Article Editor
Redesigning content creation for scale, quality, and flexibility

I led the redesign of Newsela’s internal article and assessment creation tools, consolidating fragmented workflows into a single, scalable editor. The result reduced content creation time by 23%, saved 40 minutes per article, delivered $368K in annualized cost savings, and enabled entirely new content capabilities—including standards-aligned tagging that contributed to increased sales through 2020.
CONTRIBUTIONS
Research strategy and execution
Problem framing and synthesis
End-to-end UX and interaction design
Iteration and validation with users
Design–engineering collaboration
Role
Solo product designer
Team
1 product manager
3 engineers
Timeline
2022
Problem
What does Newsela do?
Newsela’s mission is to make meaningful classroom learning accessible to every student. The company began by rewriting news articles across five reading levels to support differentiated instruction and later expanded into assessments, activities, and standards-aligned content.
The vision is to expand beyond news, to core curriculum content in subjects such as science, social studies, etc, and provide leveled assessments & attachments.
Opportunity gap
While the product offering evolved, the content creation tools did not.
Internally, content teams and contractors relied on a collection of legacy tools—each built for a narrow task—that no longer supported the scale, flexibility, or speed the business required.
Users juggled multiple tools that were limited in functionality
User PROBLEM
Content creation relied on disconnected systems that forced users to
Constantly switch contexts between tools
Work within a single rigid article structure
Use manual workarounds for new content types
Reference external documentation to maintain quality
This increased cognitive load, slowed production, and made it difficult to evolve Newsela’s content strategy.
Why it matters
The current editor was a blocker in allowing Newsela to evolve with visionary company & content strategy - it increased cognitive load, slowed production, and was extremely limited.
A new editor is foundational to unlock Newsela's potential as a fully scalable educational platform.
Expanding from a single article format to allow for articles tailored to various subjects
Assessments expanded as well as an improved creation process
Solution
Design challenge
How might we enable internal staff and contractors to efficiently create high-quality, evolving educational content—without sacrificing editorial standards or future flexibility?
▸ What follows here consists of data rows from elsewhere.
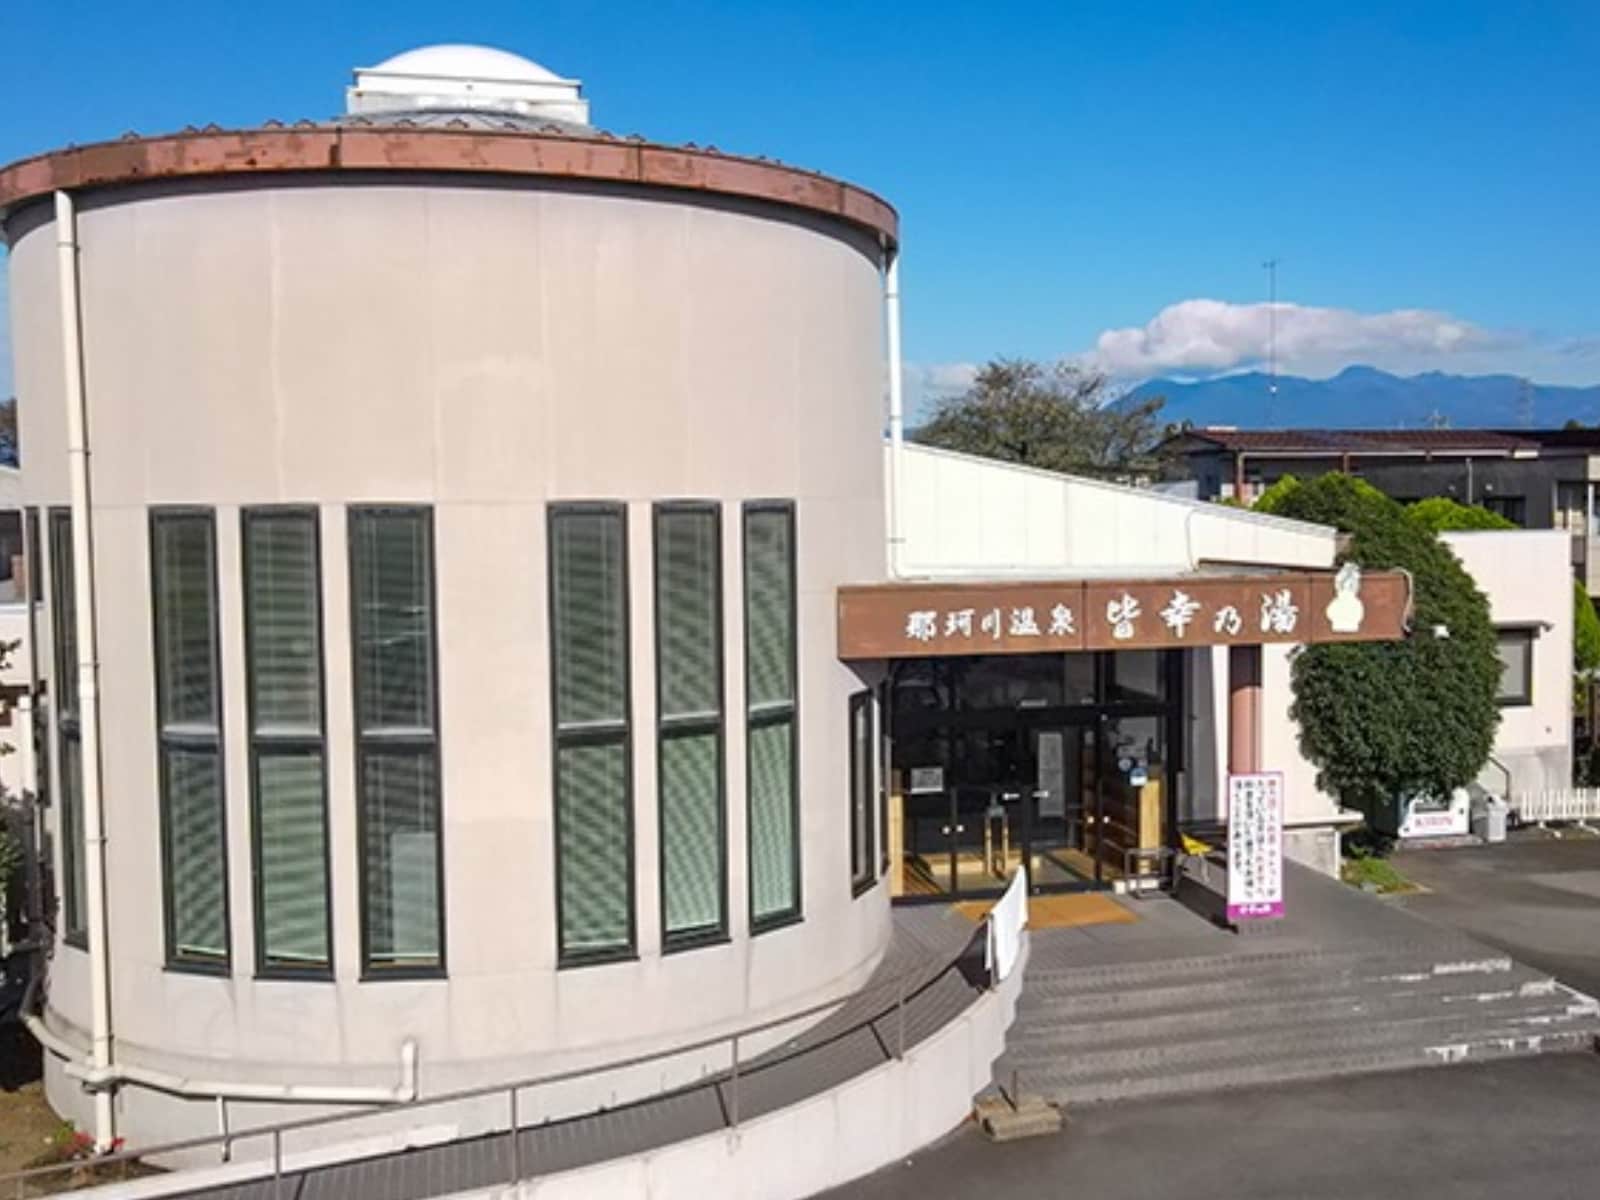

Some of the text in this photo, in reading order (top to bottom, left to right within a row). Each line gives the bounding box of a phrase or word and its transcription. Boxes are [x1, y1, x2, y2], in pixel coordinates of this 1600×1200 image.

[906, 588, 1299, 641] 那珂川温泉 皆幸乃湯
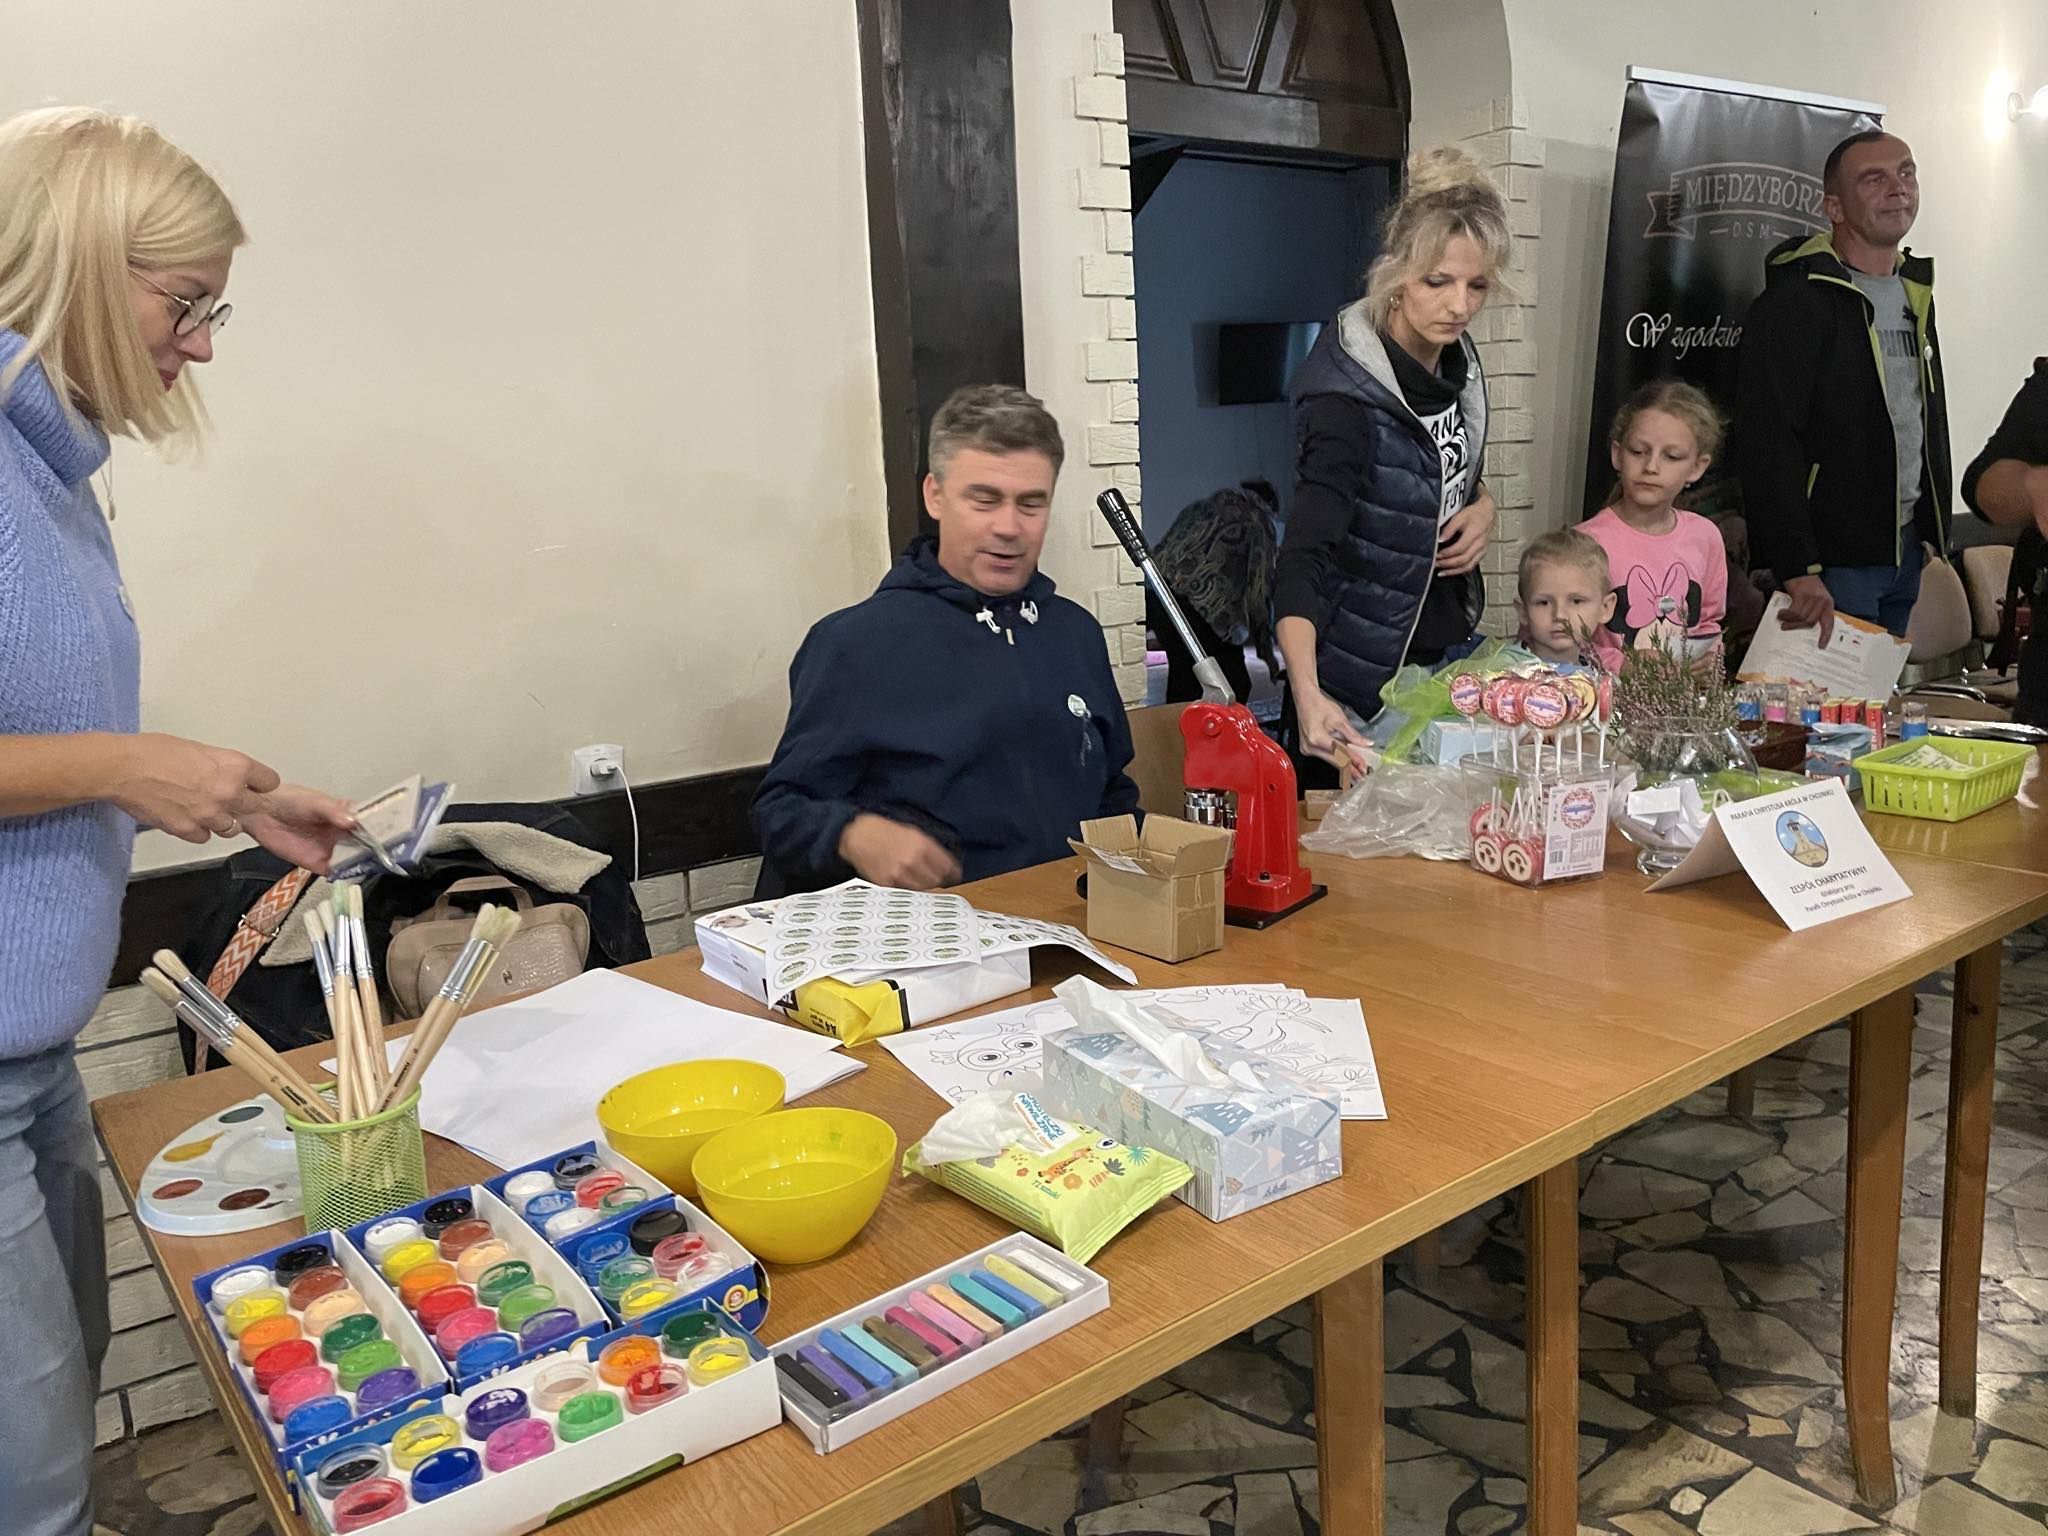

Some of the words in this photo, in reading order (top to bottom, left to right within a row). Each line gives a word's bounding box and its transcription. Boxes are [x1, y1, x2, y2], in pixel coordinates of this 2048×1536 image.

[1626, 312, 1671, 348] W
[1671, 314, 1742, 360] zgodzie
[1730, 809, 1754, 821] PARAFIA
[1754, 802, 1785, 815] CHRYSTUSA
[1814, 866, 1867, 887] CHARYTATYWNY
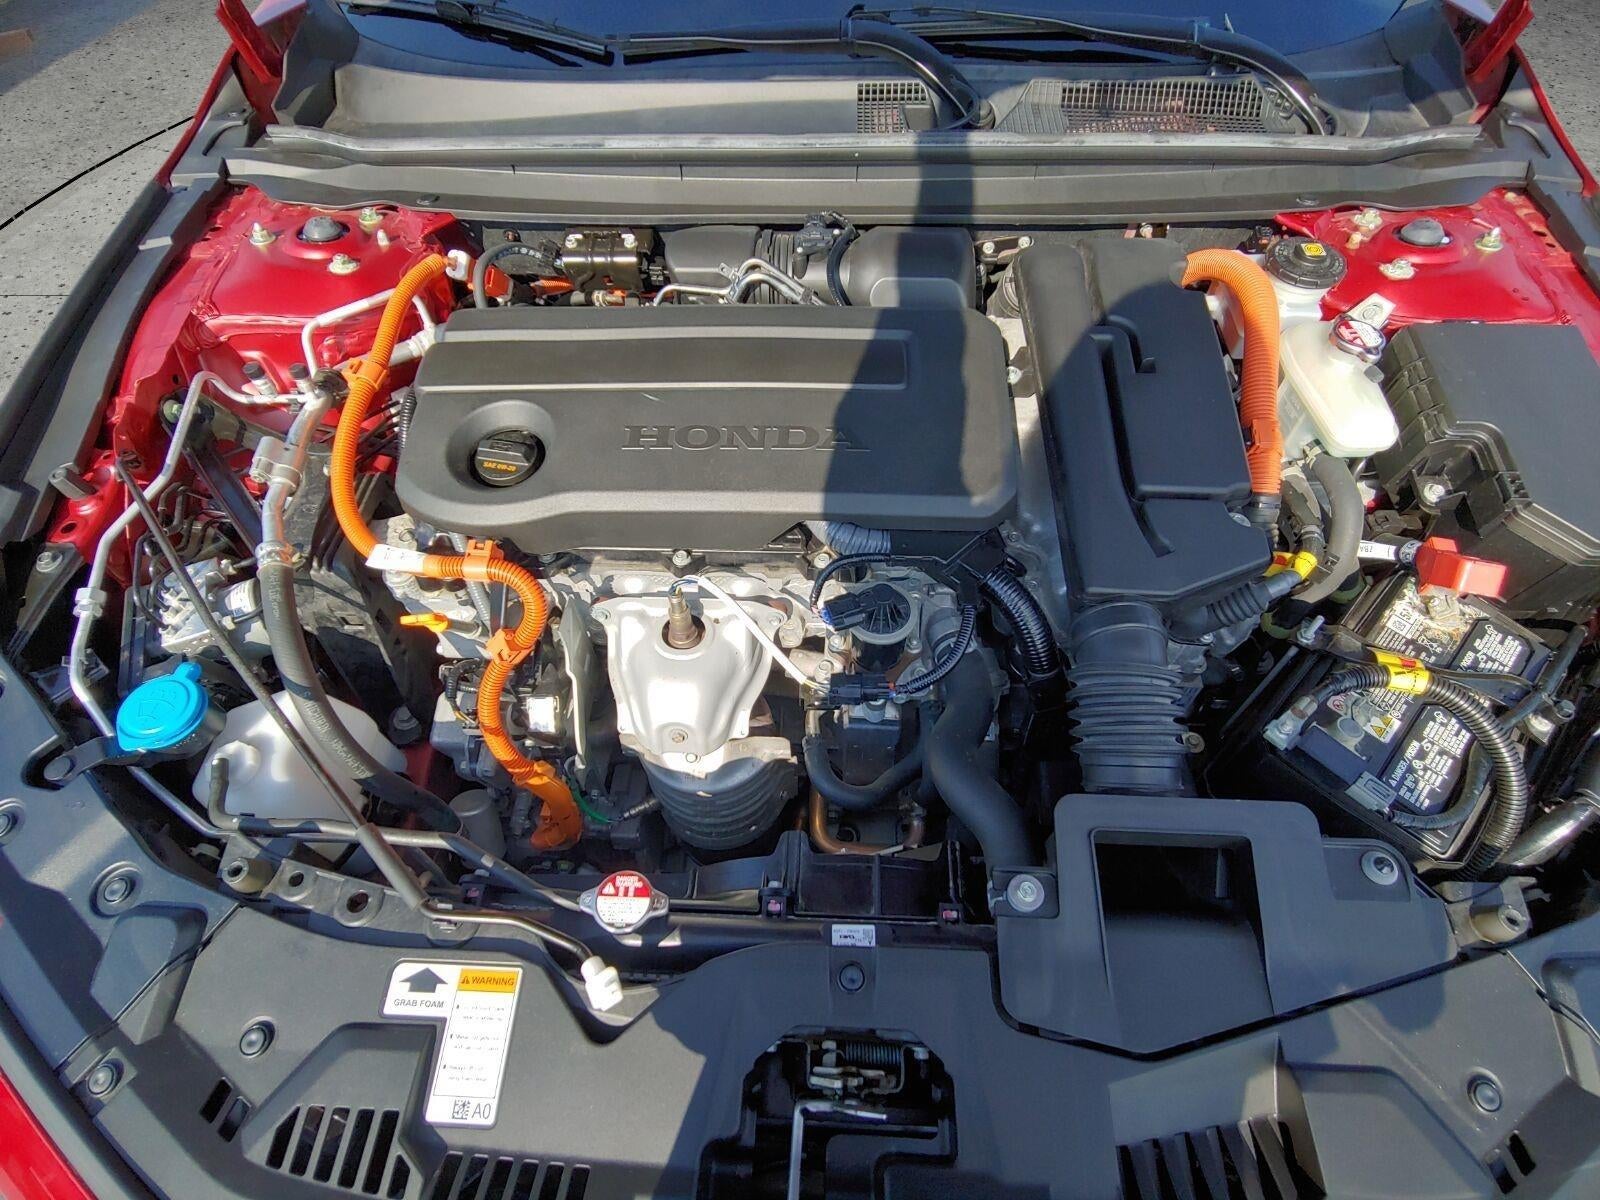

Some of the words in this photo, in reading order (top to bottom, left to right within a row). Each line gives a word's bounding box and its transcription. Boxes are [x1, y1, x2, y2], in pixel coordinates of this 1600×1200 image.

This challenge required balancing:
Speed vs quality
Simplicity vs capability
Short-term constraints vs long-term system design
Goals & Contraints
The new article editor needed to enable article creators to craft engaging, quality content for students in a seamless & timely manner.
Goals
Reduce time spent creating articles and assessments
Enable new content types beyond a single template
Improve consistency and contributor confidence
Create a scalable foundation for future tools (including external use)
Constraints
Deep legacy system dependencies
Existing data models that could not be replaced immediately
No fixed deadline, but high architectural impact
Solution overview
A centralized content creation system that:
Consolidates article and assessment creation
Supports multiple layouts and content types
Enables side-by-side comparison across reading levels
Embeds guidance directly into the workflow
Scales from MVP to a full-featured platform
Article editor
A centralized, flexible authoring tool that enables creators to draft, compare, and edit multi-level articles in a single workflow—reducing context switching while preserving editorial accuracy and quality standards.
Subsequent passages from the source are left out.